Cuando al atardecer llegó Micaela y nos hizo entrar, algo raro se notaba en su trato, excesivamente cariñoso. Nos dijo que debíamos lavarnos y vestirnos bien hasta con zapatos. A las niñas les habían puesto vestido azul marino y cintas negras en el pelo y a nosotros, corbatas negras. Alguien nos dijo: “Abuelita se ha ido al cielo. Tienen que verla y besar su frente”.
Después nos llevaron al salón, donde ya había mucha gente sentada en numerosas sillas adosadas a las paredes. Una gran cruz delante de una cortina que tapaba el balcón presidía la escena. Todos rezaban. Nos acercamos y mi hermano Rolando, comenzó a reírse incesantemente y unas señoras dijeron: Pobrecito, son los nervios, es demasiado para el chico…
Yo vi entre encajes y con un ramo de flores a los pies y un rosario en sus manos entrelazadas. Tenía puesto un anillo reloj al que ya nunca daría cuerda. Al día siguiente, una carrosa negra tirada por cuatro caballos negros empenachados se la llevó y recién entonces supimos lo que era la orfandad.

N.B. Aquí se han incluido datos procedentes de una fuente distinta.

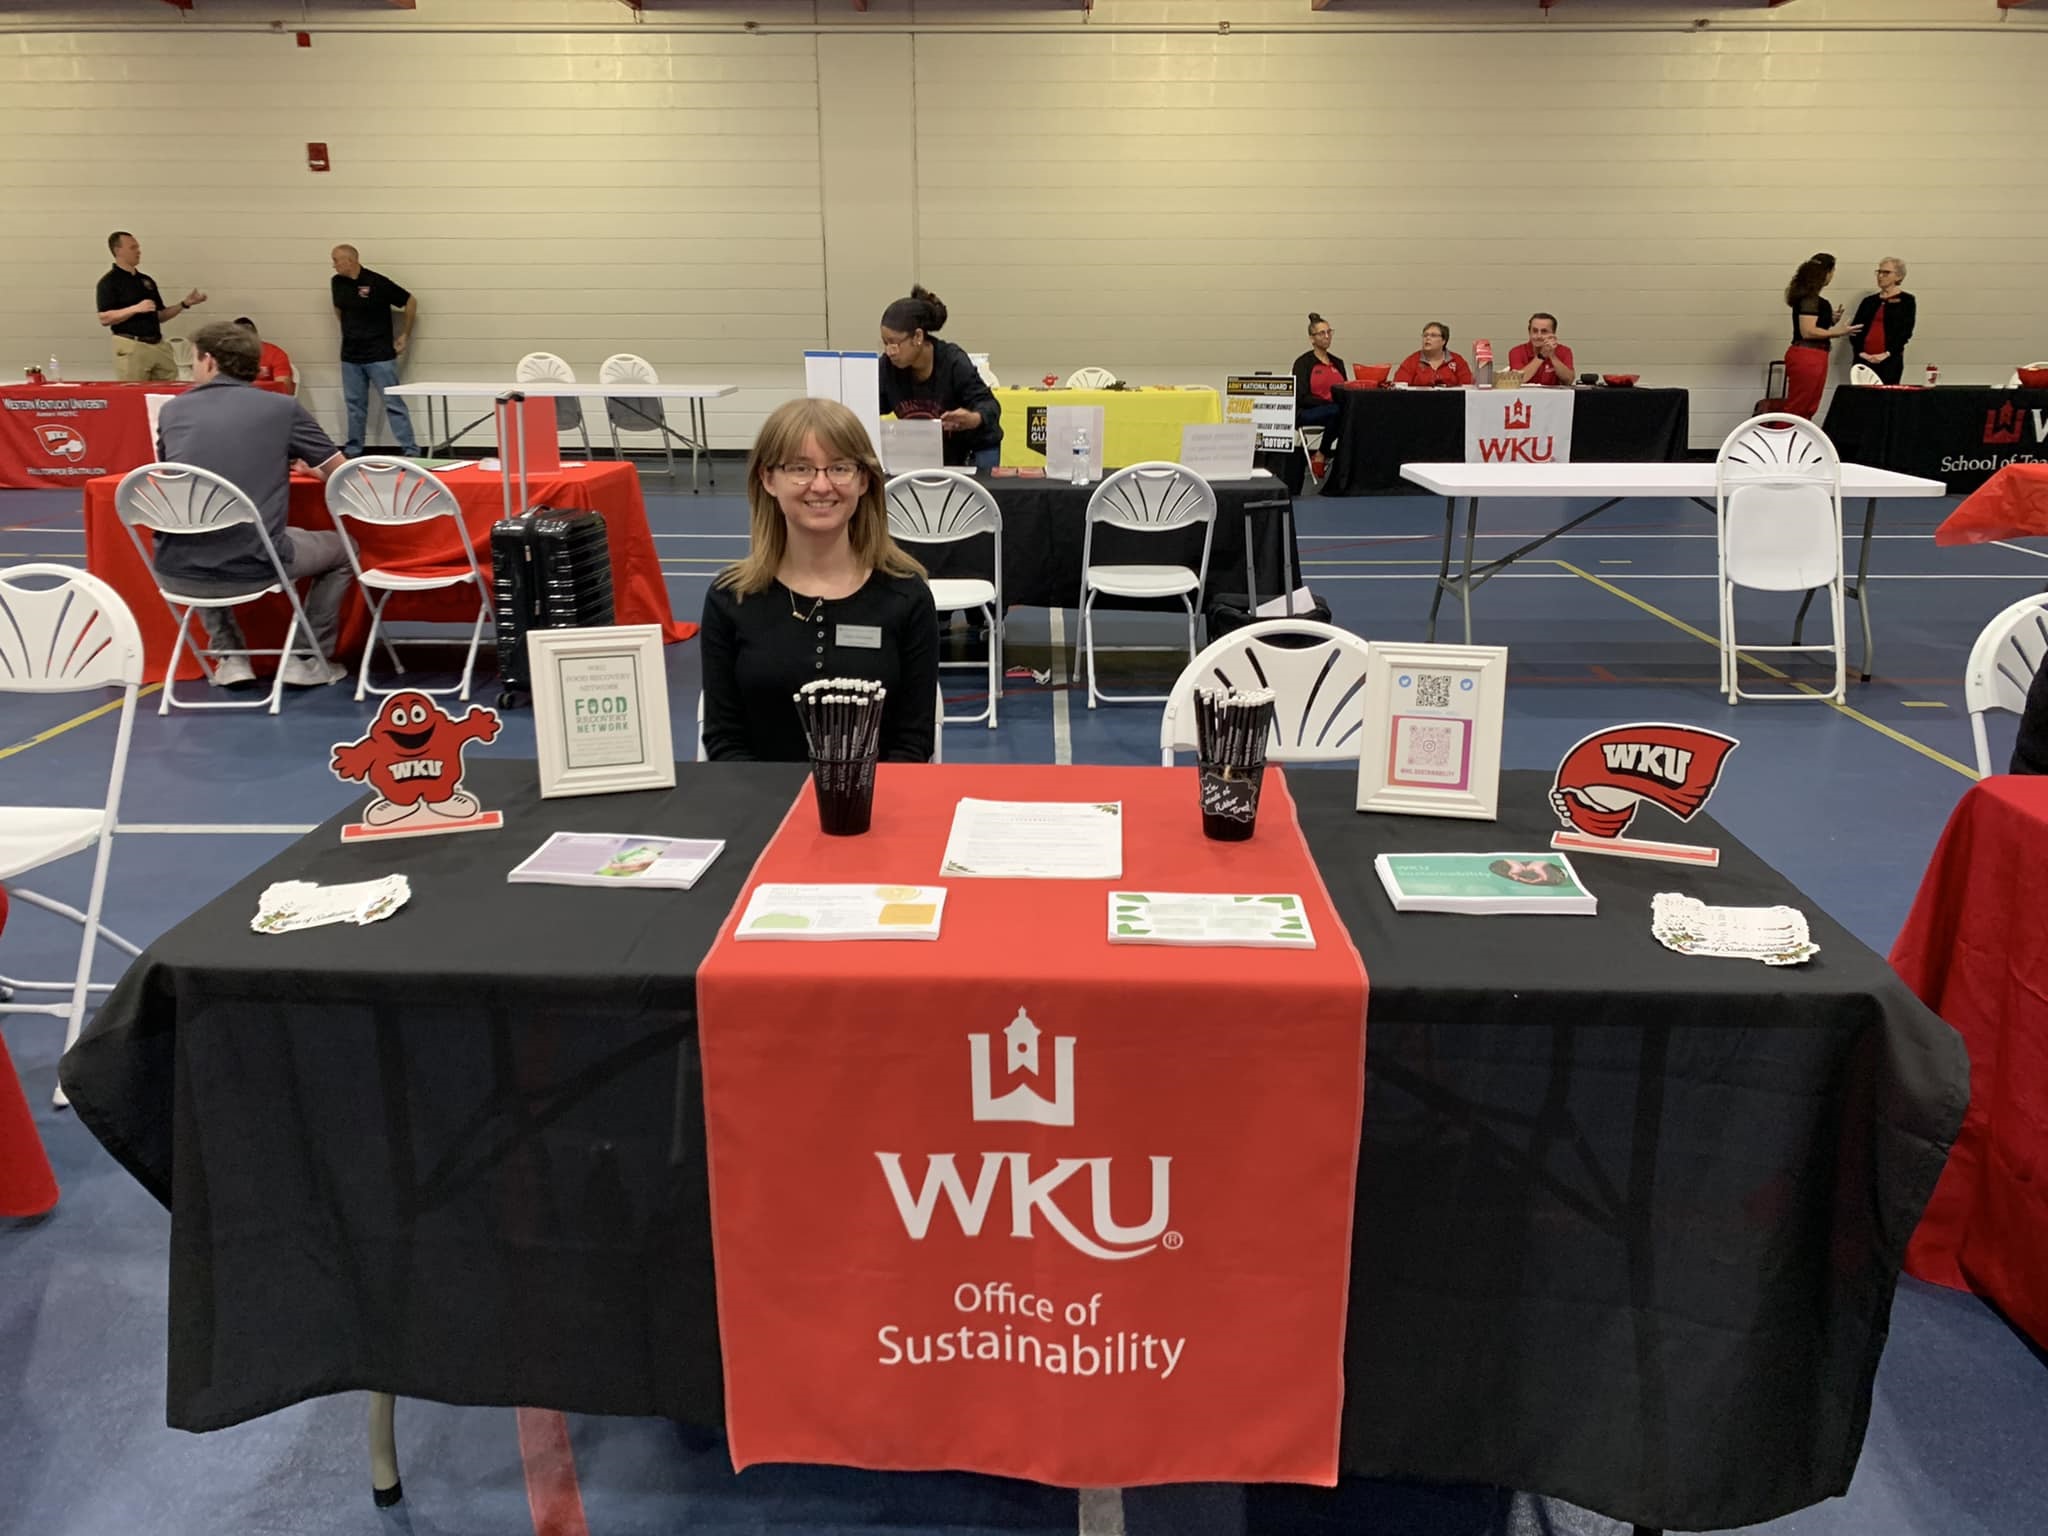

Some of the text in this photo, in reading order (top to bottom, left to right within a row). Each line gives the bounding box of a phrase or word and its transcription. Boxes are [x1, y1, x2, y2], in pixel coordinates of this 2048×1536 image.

[1479, 436, 1553, 463] WKU
[1941, 455, 1997, 472] School
[575, 696, 628, 716] FOOD
[577, 722, 628, 733] NETWORK
[388, 760, 444, 780] WKU
[1602, 744, 1693, 784] WKU
[874, 1152, 1173, 1261] WKU
[954, 1281, 1102, 1326] Office of
[878, 1324, 1185, 1379] Sustainability

A pesar de que había muerto su madre, su abuela ocupó el rol de madre, y como recordaba Guillermo, fueron años sin privaciones materiales y de afectos, pero cuando la abuela falleció, la familia sintió el cimbronazo de la ausencia materna. Su padre se volvió a casar y Guillermo, como sus hermanos fueron a vivir con parientes, a veces juntos y otras veces separados. Finalmente, quedaron Rolando y Guillermo, juntos en la casa de un pariente, unos tíos, que tras alguna falta provocada por los jóvenes, fueron sancionados quizás más de la cuenta, lo que provocó la idea de buscar nuevos horizontes, fue así que, nos relataba Guillermo: Yo conocía Tucumán, por el tiempo que estuve en el Colegio Tulio García Fernández y también conocía la casa y la familia de nuestro primo Guillermo Leavy, que había sido mi tutor. Le hablé a mi hermano Rolando, maravillas de Tucumán, y decidimos irnos de la casa. Esa noche abandonamos nuestro querido Metan, los dos juntos. Permanecimos un día en Rosario de la Frontera, y al siguiente, tomamos el tren hacia Tucumán.
Llegamos a la tarde y cuando nos presentamos en casa de Guillermo Leavy, ya nos estaba esperando, pues nuestro padre le había telegrafiado avisando nuestra fuga. Nos dieron ropa limpia, baño caliente y cama para descansar esa noche, ya que al día siguiente nos llevarían de regreso a Metan.
Decidimos escaparnos nuevamente y al acostarnos, ya teníamos casi madurado el plan. A la mañana siguiente, muy temprano me levanté un momento para cumplir una urgencia de la naturaleza. Rolando, vio la cama vacía y pensando que yo ya me había ido, se fue apresuradamente. Muchos años después me enteré que se unió a un circo para hacer piruetas a caballo.
Salí por la ventana con un pequeño atado de mis pertenecías y busqué mi hermano sin hallarlo. Desorientado por la inesperada situación, fui a la plaza, donde me acerqué a un lustrabotas, y mientras charlaba con él, llegó un señor bien parecido para hacerse lustrar los zapatos. Entonces, obedeciendo quien sabe a qué impulso, le pregunté si necesitaba un chico para los mandados. Él, luego de escudriñarme exhaustivamente con la mirada, me dijo que lo siguiera. Era periodista del diario La Gaceta, hijo del gobernador Lucas Córdoba. Vivía con su hermana Noemí, en una lujosa casa de la calle Sarmiento. Había en esa casa cuatro dormitorios y uno de ellos, lo asignaron para mí.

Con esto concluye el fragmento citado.